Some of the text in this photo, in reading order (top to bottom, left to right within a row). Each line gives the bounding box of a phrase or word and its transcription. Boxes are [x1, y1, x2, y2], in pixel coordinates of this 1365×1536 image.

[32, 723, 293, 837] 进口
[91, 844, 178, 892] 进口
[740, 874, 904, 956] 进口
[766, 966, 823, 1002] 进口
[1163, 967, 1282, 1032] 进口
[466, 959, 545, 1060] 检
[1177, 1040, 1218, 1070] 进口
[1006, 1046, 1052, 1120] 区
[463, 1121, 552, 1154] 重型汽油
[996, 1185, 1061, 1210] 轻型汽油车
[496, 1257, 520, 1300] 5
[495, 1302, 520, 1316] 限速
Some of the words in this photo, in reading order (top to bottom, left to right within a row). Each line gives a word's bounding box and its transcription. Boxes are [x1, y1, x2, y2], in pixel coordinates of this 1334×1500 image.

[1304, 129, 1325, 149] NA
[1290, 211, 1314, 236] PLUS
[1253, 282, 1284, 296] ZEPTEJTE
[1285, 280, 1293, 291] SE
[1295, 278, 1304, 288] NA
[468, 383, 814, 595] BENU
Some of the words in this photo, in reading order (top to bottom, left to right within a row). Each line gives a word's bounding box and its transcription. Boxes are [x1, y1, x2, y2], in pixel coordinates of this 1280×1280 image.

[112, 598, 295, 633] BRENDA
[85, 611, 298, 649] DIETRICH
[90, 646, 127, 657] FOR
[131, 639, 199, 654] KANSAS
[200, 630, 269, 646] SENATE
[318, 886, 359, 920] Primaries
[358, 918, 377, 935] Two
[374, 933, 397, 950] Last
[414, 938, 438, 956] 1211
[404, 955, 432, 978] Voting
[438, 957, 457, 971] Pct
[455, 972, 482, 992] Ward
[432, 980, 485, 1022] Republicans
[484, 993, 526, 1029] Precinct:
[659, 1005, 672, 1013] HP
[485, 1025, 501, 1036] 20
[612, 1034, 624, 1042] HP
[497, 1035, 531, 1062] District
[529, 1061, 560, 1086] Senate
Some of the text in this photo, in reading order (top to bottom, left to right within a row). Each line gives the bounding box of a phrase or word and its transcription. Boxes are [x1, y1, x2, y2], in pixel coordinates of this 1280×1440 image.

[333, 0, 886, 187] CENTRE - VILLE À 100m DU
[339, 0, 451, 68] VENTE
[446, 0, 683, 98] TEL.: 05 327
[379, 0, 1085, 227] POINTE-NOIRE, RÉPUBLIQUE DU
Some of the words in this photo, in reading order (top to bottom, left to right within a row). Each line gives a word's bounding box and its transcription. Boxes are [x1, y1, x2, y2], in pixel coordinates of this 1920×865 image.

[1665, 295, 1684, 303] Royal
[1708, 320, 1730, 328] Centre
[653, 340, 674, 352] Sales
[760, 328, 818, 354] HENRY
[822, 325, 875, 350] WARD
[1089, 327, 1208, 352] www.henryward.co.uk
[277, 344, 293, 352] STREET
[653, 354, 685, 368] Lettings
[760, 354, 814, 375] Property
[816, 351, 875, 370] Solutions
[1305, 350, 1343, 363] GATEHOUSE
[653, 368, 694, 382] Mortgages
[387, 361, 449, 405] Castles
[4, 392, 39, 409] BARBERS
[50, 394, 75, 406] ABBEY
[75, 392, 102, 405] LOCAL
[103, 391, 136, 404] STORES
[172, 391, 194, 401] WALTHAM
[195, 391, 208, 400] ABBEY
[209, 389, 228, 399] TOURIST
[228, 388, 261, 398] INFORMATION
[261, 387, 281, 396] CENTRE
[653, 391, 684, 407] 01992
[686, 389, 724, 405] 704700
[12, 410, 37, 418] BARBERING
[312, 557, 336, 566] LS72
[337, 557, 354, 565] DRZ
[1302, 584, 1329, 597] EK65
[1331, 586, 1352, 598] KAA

# # # # #

* WORK ITEM:
Reproduce exactly the line that holds "this 1920×865 image.", then every line after it, ending with the final line of the records above.

* RESULT OF THIS TASK:
Some of the words in this photo, in reading order (top to bottom, left to right within a row). Each line gives a word's bounding box and its transcription. Boxes are [x1, y1, x2, y2], in pixel coordinates of this 1920×865 image.

[1665, 295, 1684, 303] Royal
[1708, 320, 1730, 328] Centre
[653, 340, 674, 352] Sales
[760, 328, 818, 354] HENRY
[822, 325, 875, 350] WARD
[1089, 327, 1208, 352] www.henryward.co.uk
[277, 344, 293, 352] STREET
[653, 354, 685, 368] Lettings
[760, 354, 814, 375] Property
[816, 351, 875, 370] Solutions
[1305, 350, 1343, 363] GATEHOUSE
[653, 368, 694, 382] Mortgages
[387, 361, 449, 405] Castles
[4, 392, 39, 409] BARBERS
[50, 394, 75, 406] ABBEY
[75, 392, 102, 405] LOCAL
[103, 391, 136, 404] STORES
[172, 391, 194, 401] WALTHAM
[195, 391, 208, 400] ABBEY
[209, 389, 228, 399] TOURIST
[228, 388, 261, 398] INFORMATION
[261, 387, 281, 396] CENTRE
[653, 391, 684, 407] 01992
[686, 389, 724, 405] 704700
[12, 410, 37, 418] BARBERING
[312, 557, 336, 566] LS72
[337, 557, 354, 565] DRZ
[1302, 584, 1329, 597] EK65
[1331, 586, 1352, 598] KAA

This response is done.